NHK大河ドラマの第1作は「花の生涯」。1963年(昭38)4月に始まりました。この時は大河ドラマという名称ではなく、大型時代劇という位置付けでした。テレビは普及しつつありましたが、まだエンタメの主流は映画。映画界の5社協定も存立し、テレビへの劇映画提供を取りやめたり、専属俳優のテレビ出演を制限するなど、まだ対立が残る時代でした。

そんな中「花の生涯」のチームは、歌舞伎界から井伊直弼役を尾上松緑にオファー。さらに映画界から佐田啓二に出演依頼しました。5社協定から佐田の出演は無理かと思われましたが、佐田は直弼の家臣長野主膳役を引き受けることに。これで扉が開いたように、八千草薫、嵐寛寿郎、淡島千景、香川京子の出演も決まり、現在に続く大河ドラマの幕開けとなりました。

NHKによると、大河ドラマの名称がついたのは、第2作の「赤穂浪士」から。新聞に連載されていた1人の人物を丹念に描く作品が「大河小説」と呼ばれたことから、いつしか新聞社が大河ドラマと呼ぶようになり、名前が定着したようです。ちなみに「花の生涯」は毎日新聞に連載されていました。

「花の生涯」のスタートは63年4月。翌年の「赤穂浪士」は1月スタートで1年間の放送でしたが、放送開始時間は日曜午後8時45分。現在の午後8時になったのは、70年の第8作「樅ノ木は残った」からです。カラー化は第7作「天と地と」、ハイビジョン撮影は00年の第39作「葵 徳川三代」から。19年の第58作「いだてん」以降は高精細な4Kで撮影されています。

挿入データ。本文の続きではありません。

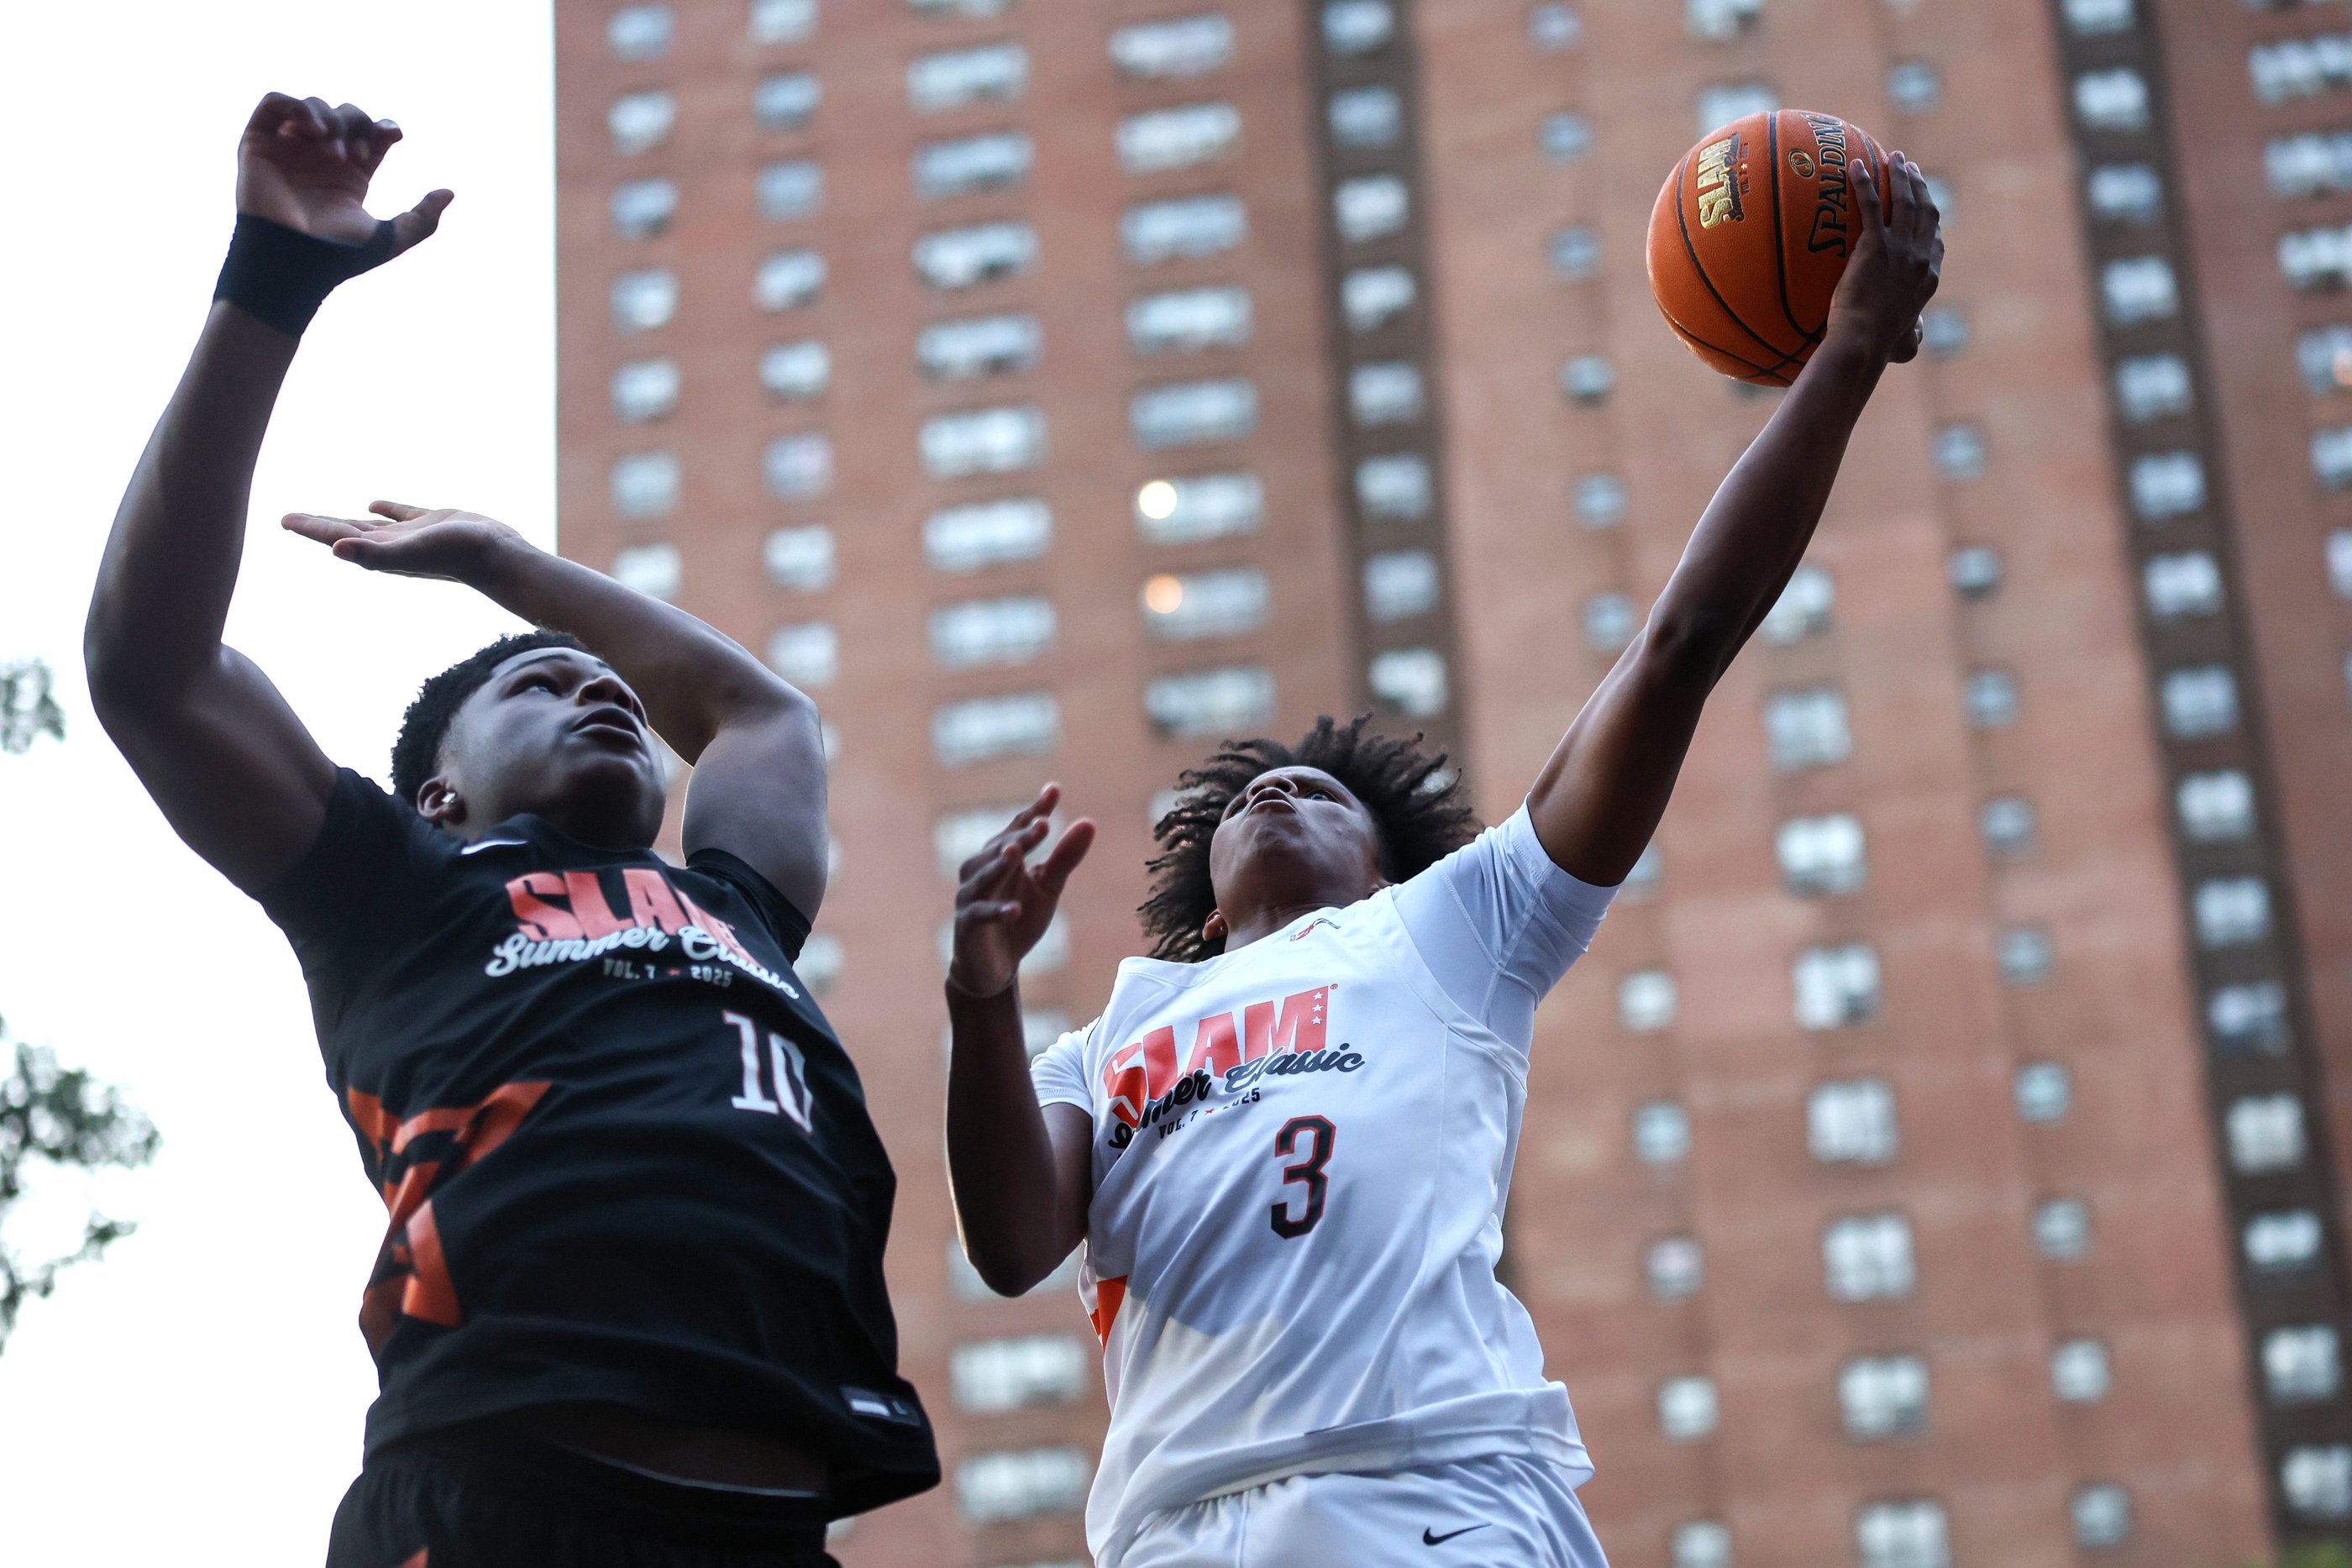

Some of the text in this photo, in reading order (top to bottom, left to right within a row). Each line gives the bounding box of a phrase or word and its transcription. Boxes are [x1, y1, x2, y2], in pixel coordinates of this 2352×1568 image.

大河ドラマといえば、戦国時代を描いた作品が多く、織田信長、豊臣秀吉、徳川家康の三傑がいた時代だけに書かれた作品も多数あります。日本各地に戦国武将がおり、題材は豊富。戦国ものはヒット作の多さでも知られています。

また、キャストの皆さんが声をそろえるのはオープンセットの巨大さや豪華さ、スタッフの充実度。制作費も多額です。NHKは個別の番組の制作費は公表していませんが、分野別の数字は明かしています。そこから推測すると、大河ドラマには1本あたり最大七千数百万円の制作費が投入されているようです。